最新研究认为有氧康复运动对射血分数保留心力衰竭（HFpEF）患者获益，但其机制不明，临床应用受限。已知心脏巨噬细胞（cMՓ）诱导的心脏纤维化是HFpEF发生发展的重要病理机制。我们发现有氧运动可减少HFpEF小鼠cMՓ的数量及促炎因子表达，同时伴随血清环氧二十碳三烯酸（EETs）浓度升高。前期我们已经证实EETs是有氧运动保护心脏的重要介质，而EETs可抑制巨噬细胞的促炎反应。由此提出“有氧运动通过上调EETs抑制cMՓ，减轻心脏纤维化，从而发挥改善HFpEF作用”的科学假说。为此本研究首先验证EETs介导有氧运动对cMՓ的调控，接着从炎性基因组蛋白去乙酰化层面入手，进一步以STAT6-HDAC3轴为切入点，阐明EETs调控cMՓ的分子机制。本研究旨在为临床上高度关注的“如何有效治疗HFpEF”难题提供新的思路，为心脏康复治疗拓展新的研究方向。
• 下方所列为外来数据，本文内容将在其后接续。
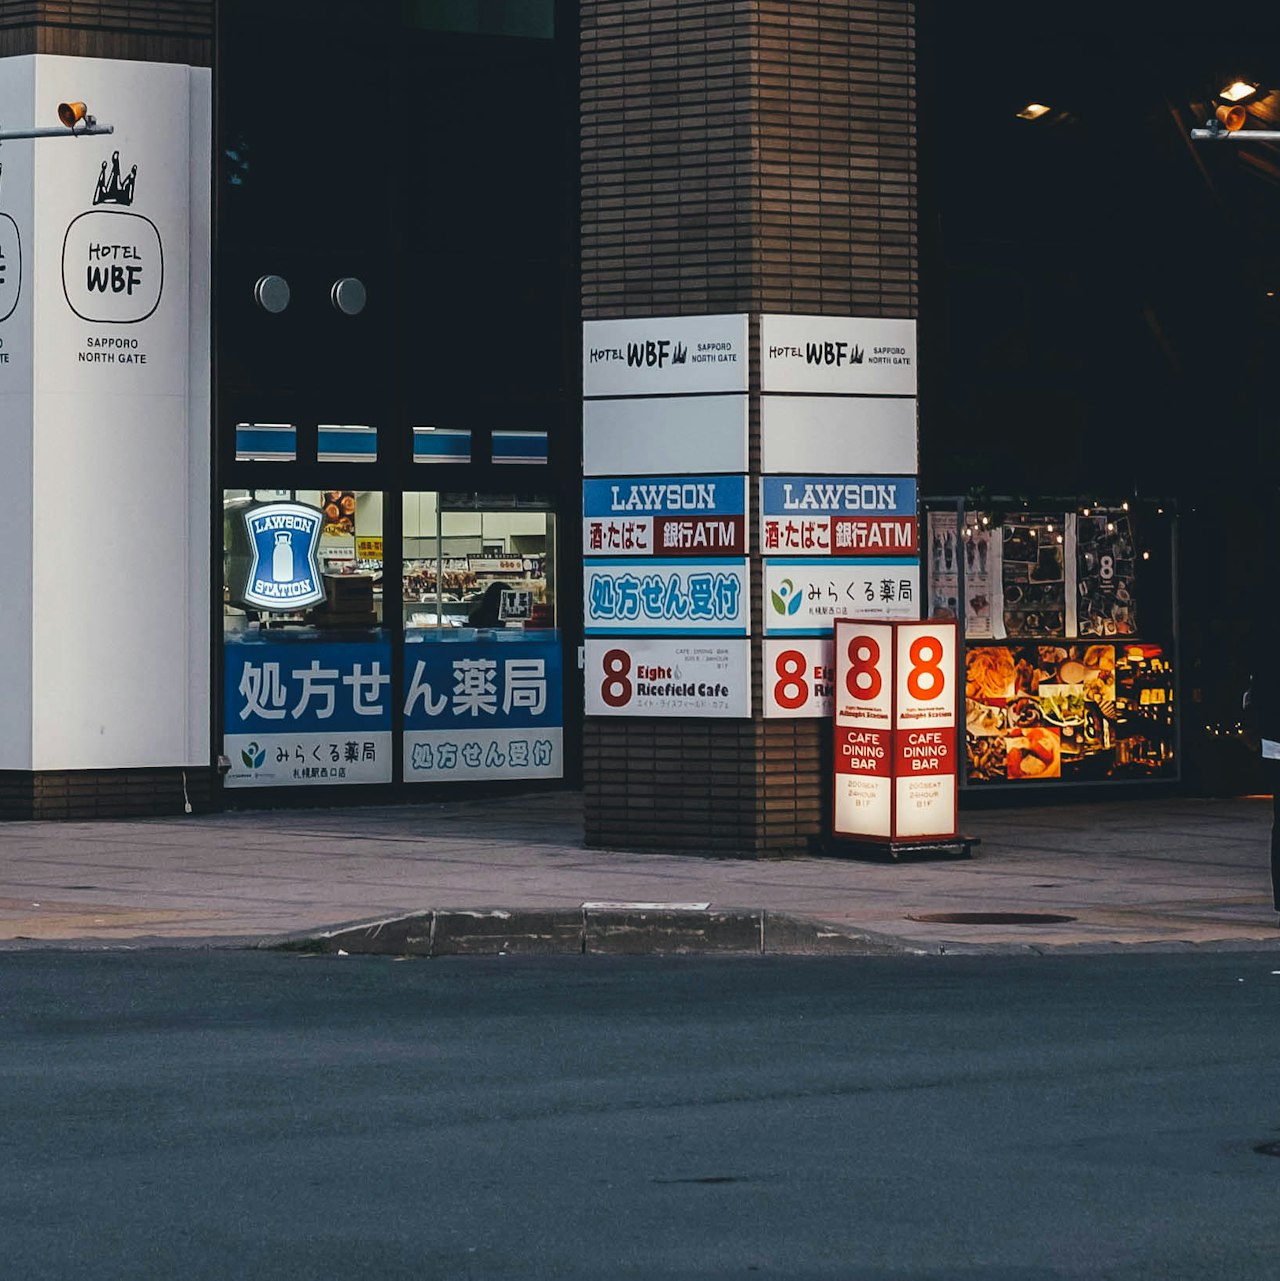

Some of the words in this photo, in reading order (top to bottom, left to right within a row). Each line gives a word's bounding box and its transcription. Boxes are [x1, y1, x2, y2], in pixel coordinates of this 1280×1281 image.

Recent research confirms that aerobic rehabilitation exercise benefits heart failure with preserved ejection fraction (HFpEF), but its mechanism is unknown, which results in its limitation of clinical application. It has been known that cardiac macrophages (cMՓ) induced fibrosis is an essential pathological mechanism for the development of HFpEF. We found that aerobic exercise can reduce the number of cMՓ and its pro-inflammatory genes expression in HFpEF mice, which accompanied by increasing serum concentration of epoxyicosatetraenoic acids (EETs). We have evidenced that EETs is a critical mediator for aerobic exercise exerting its cardioprotective function. And EETs can inhibit the pro-inflammatory function of macrophages..Accordingly, we propose the hypothesis that aerobic exercise inhibits cMՓ by up-regulating EET levels, and then reduces cardiac fibrosis to protect HFpEF. In this project, we design to verify how aerobic exercise mediates cMՓ by EETs. Furthermore, we choose STAT6-HDAC3 axis as a core mechanism to demonstrate that EETs repress cMՓ via regulating histone deacetylation of its pro-inflammatory genes. This project aims to provide new ideas for the clinical problem of "how to effectively treat HFpEF", and also to expand new research directions for cardiac rehabilitation.